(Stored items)

+===+

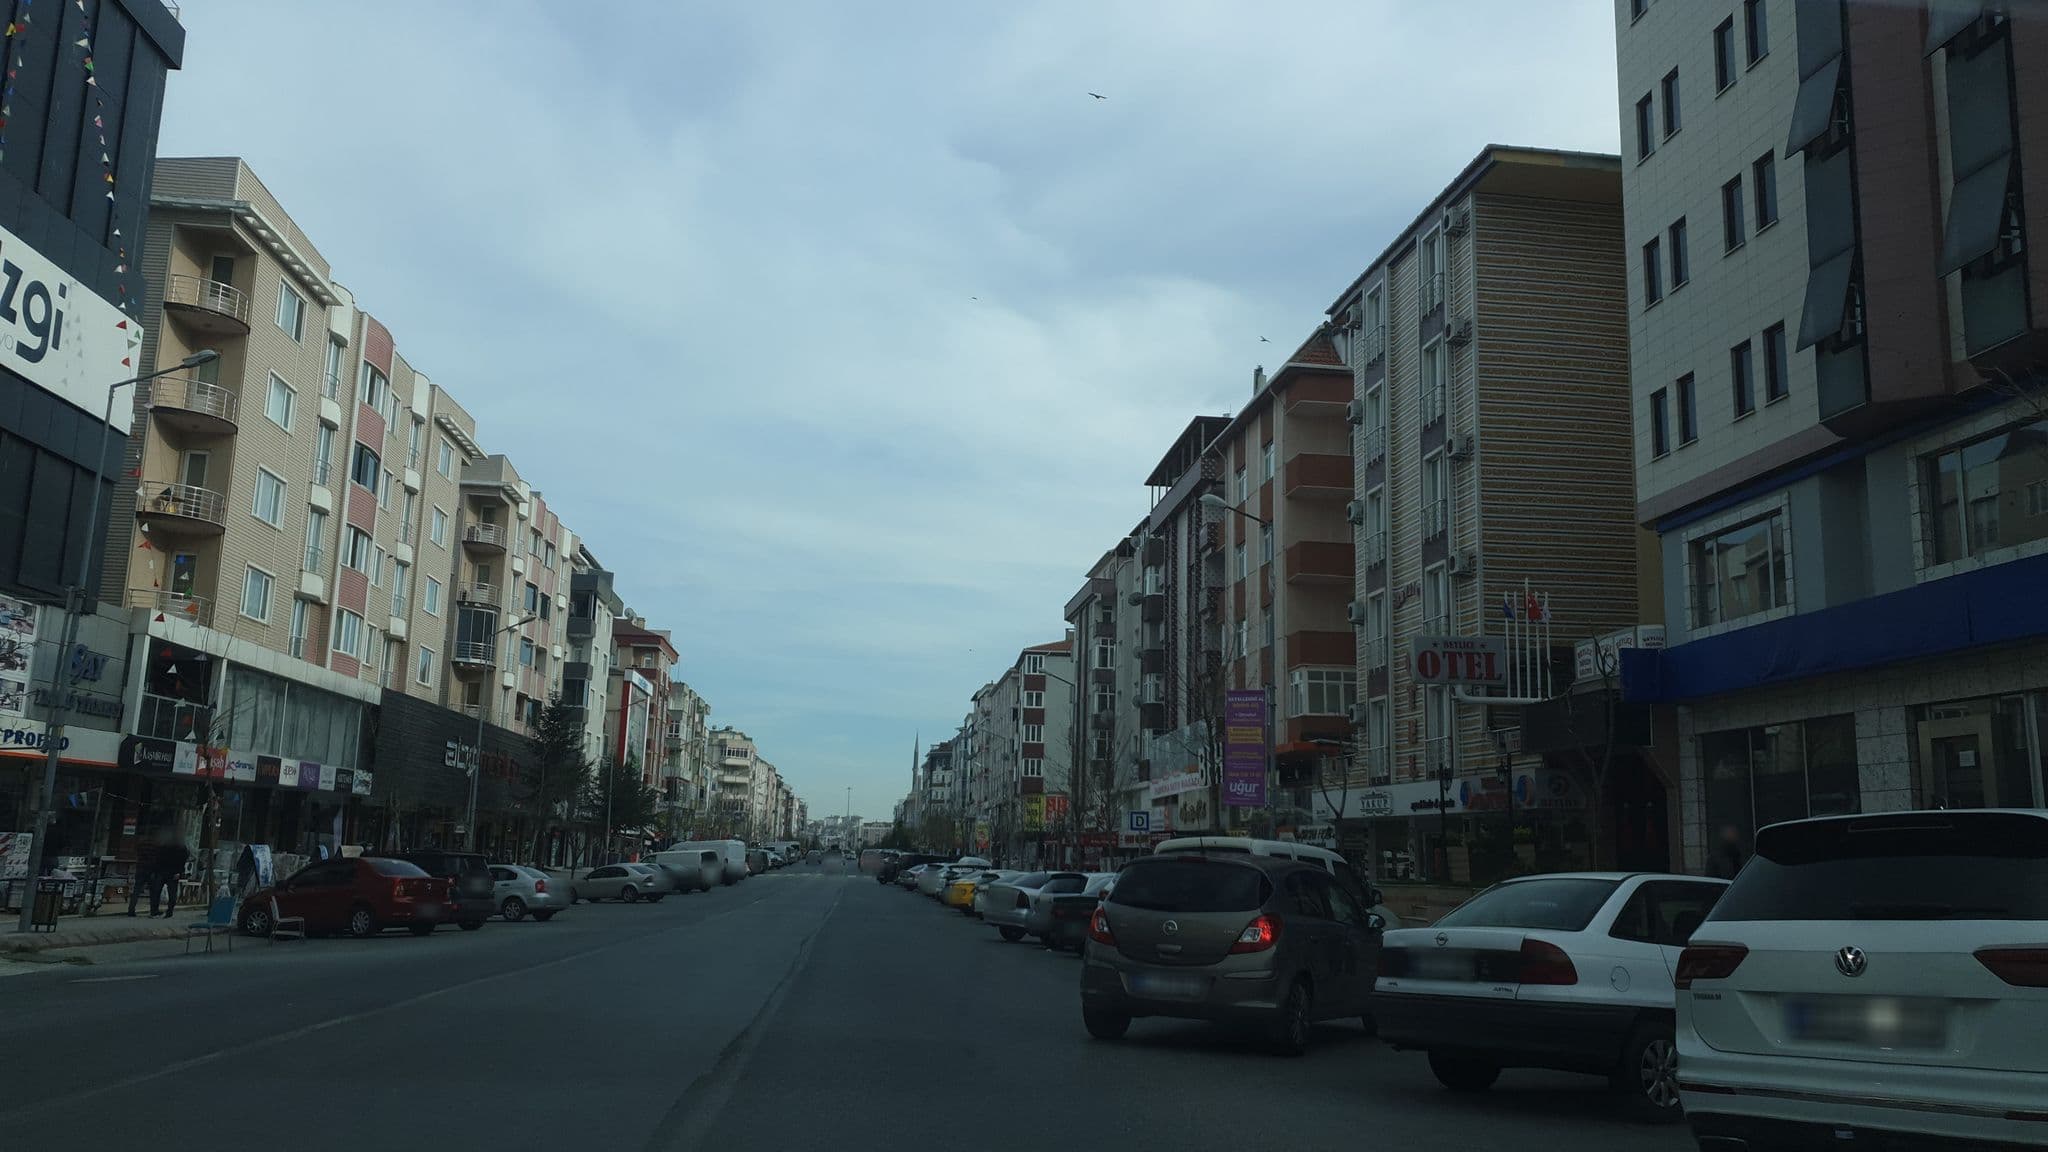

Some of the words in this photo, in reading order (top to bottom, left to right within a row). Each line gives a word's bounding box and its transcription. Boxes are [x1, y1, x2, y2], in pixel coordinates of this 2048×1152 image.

[1418, 650, 1502, 680] OTEL
[3, 729, 69, 752] PROFO
[1229, 780, 1260, 795] uğur
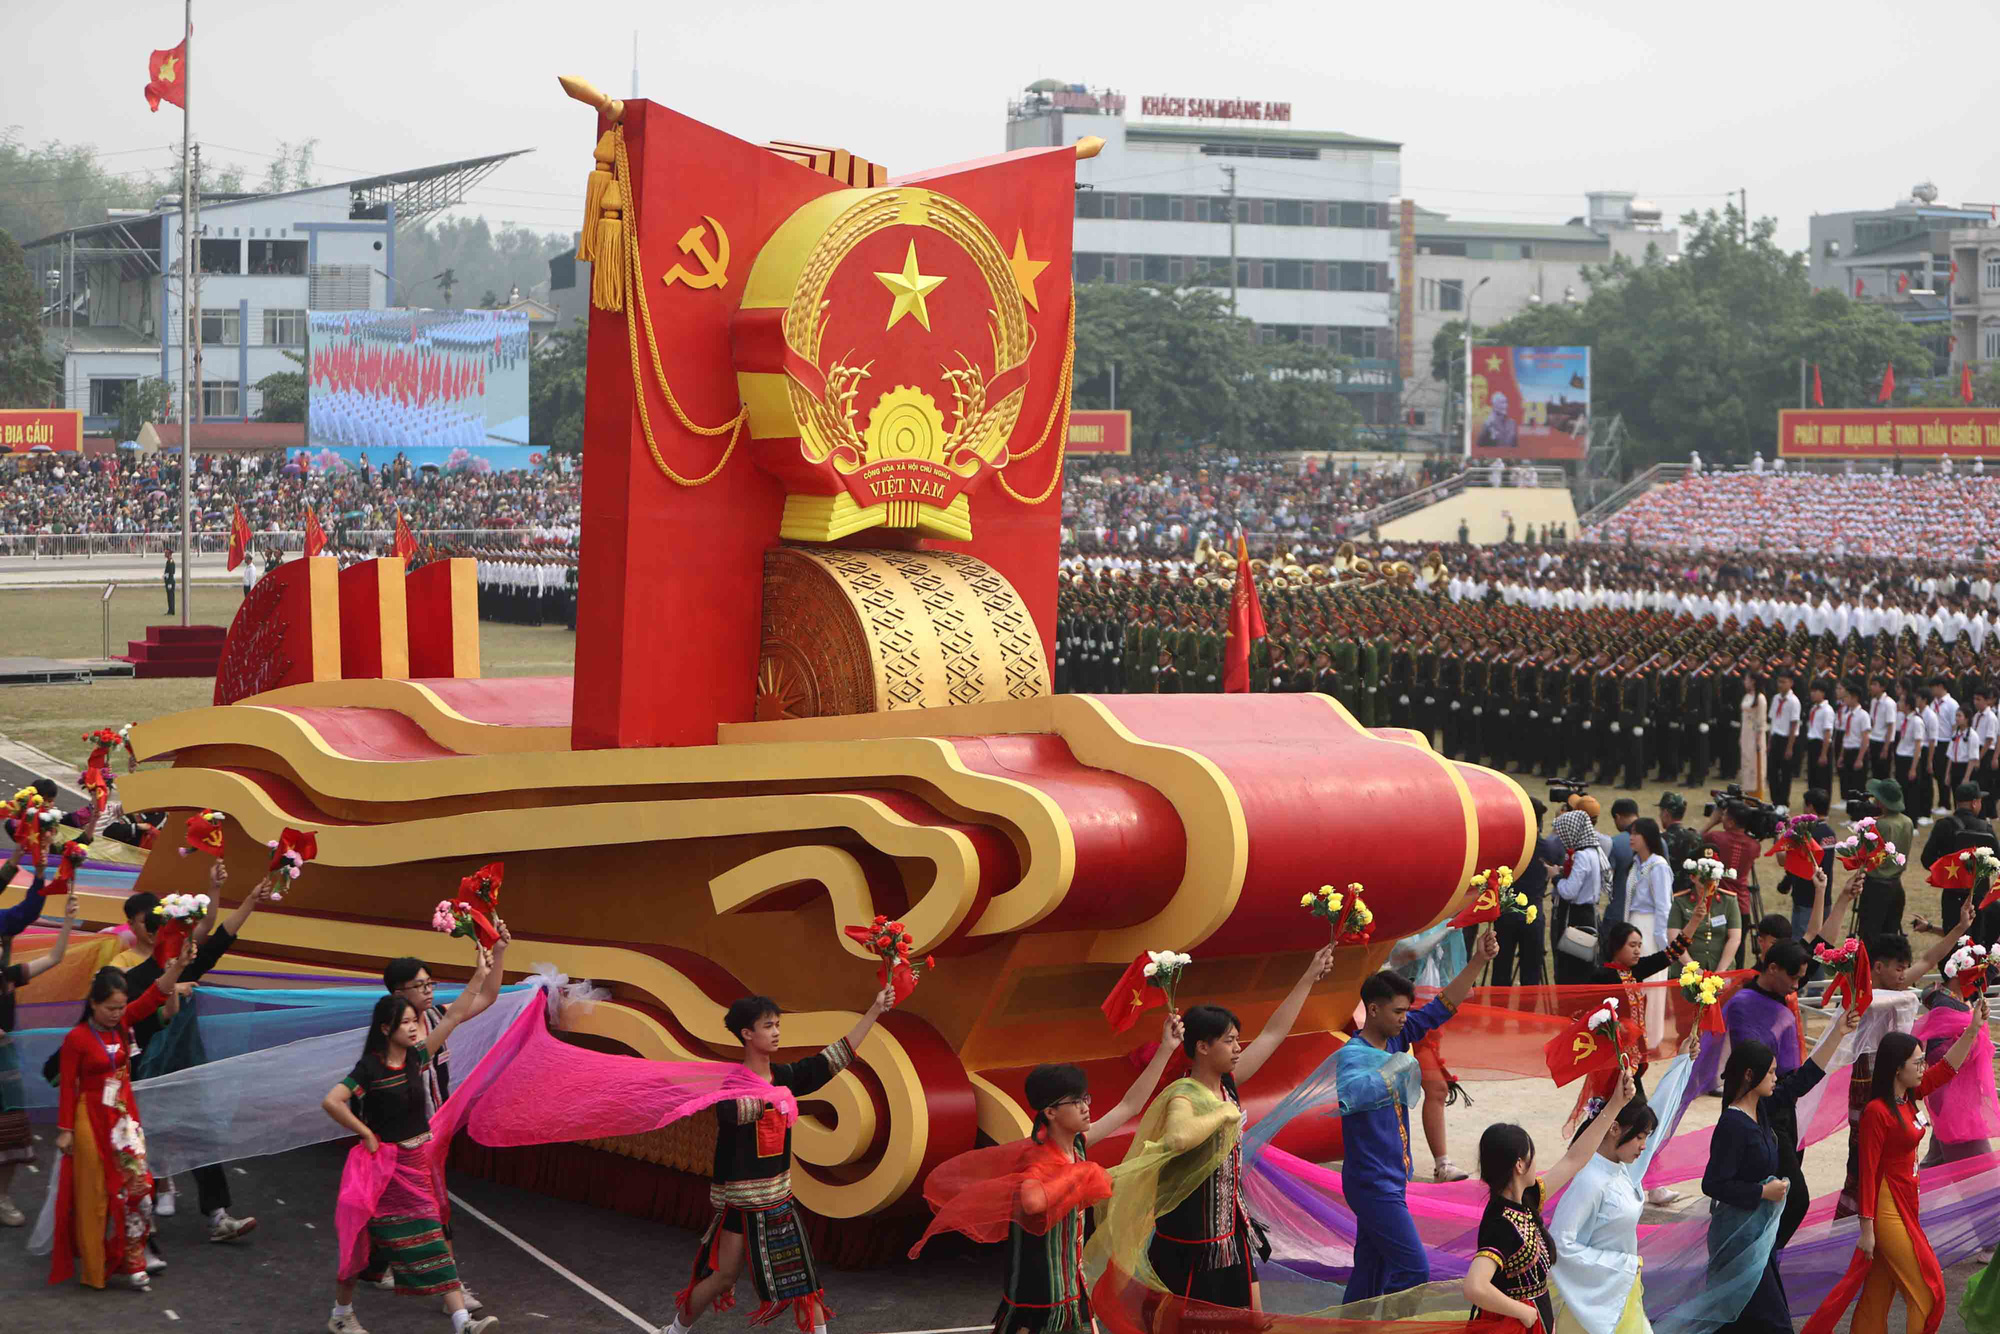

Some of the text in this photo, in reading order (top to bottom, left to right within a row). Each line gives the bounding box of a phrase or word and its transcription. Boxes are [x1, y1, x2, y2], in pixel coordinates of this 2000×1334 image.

[1142, 93, 1184, 116] KHÁCH
[1188, 98, 1215, 121] SẠN
[1264, 102, 1291, 121] ANH
[5, 424, 23, 447] ĐỊA
[864, 466, 881, 480] CỘNG
[908, 462, 919, 472] HỘI
[920, 462, 932, 474] CHỦ
[933, 469, 951, 481] NGHĨA
[869, 475, 946, 499] VIỆT NAM

+===+

**Task brief:** Reproduce each entry precisely. Leave the pictures out.

**Response to this exercise:**
Some of the words in this photo, in reading order (top to bottom, left to right within a row). Each line gives a word's bounding box and its transcription. Boxes are [x1, y1, x2, y2], in pixel coordinates of this 2048×1152 image.

[1418, 650, 1502, 680] OTEL
[3, 729, 69, 752] PROFO
[1229, 780, 1260, 795] uğur

Some of the text in this photo, in reading order (top to bottom, left to right within a row). Each line gives the bounding box of a phrase or word and its transcription. Boxes are [x1, y1, x2, y2], in pixel coordinates of this 2000×1334 image.

[1142, 93, 1184, 116] KHÁCH
[1188, 98, 1215, 121] SẠN
[1264, 102, 1291, 121] ANH
[5, 424, 23, 447] ĐỊA
[864, 466, 881, 480] CỘNG
[908, 462, 919, 472] HỘI
[920, 462, 932, 474] CHỦ
[933, 469, 951, 481] NGHĨA
[869, 475, 946, 499] VIỆT NAM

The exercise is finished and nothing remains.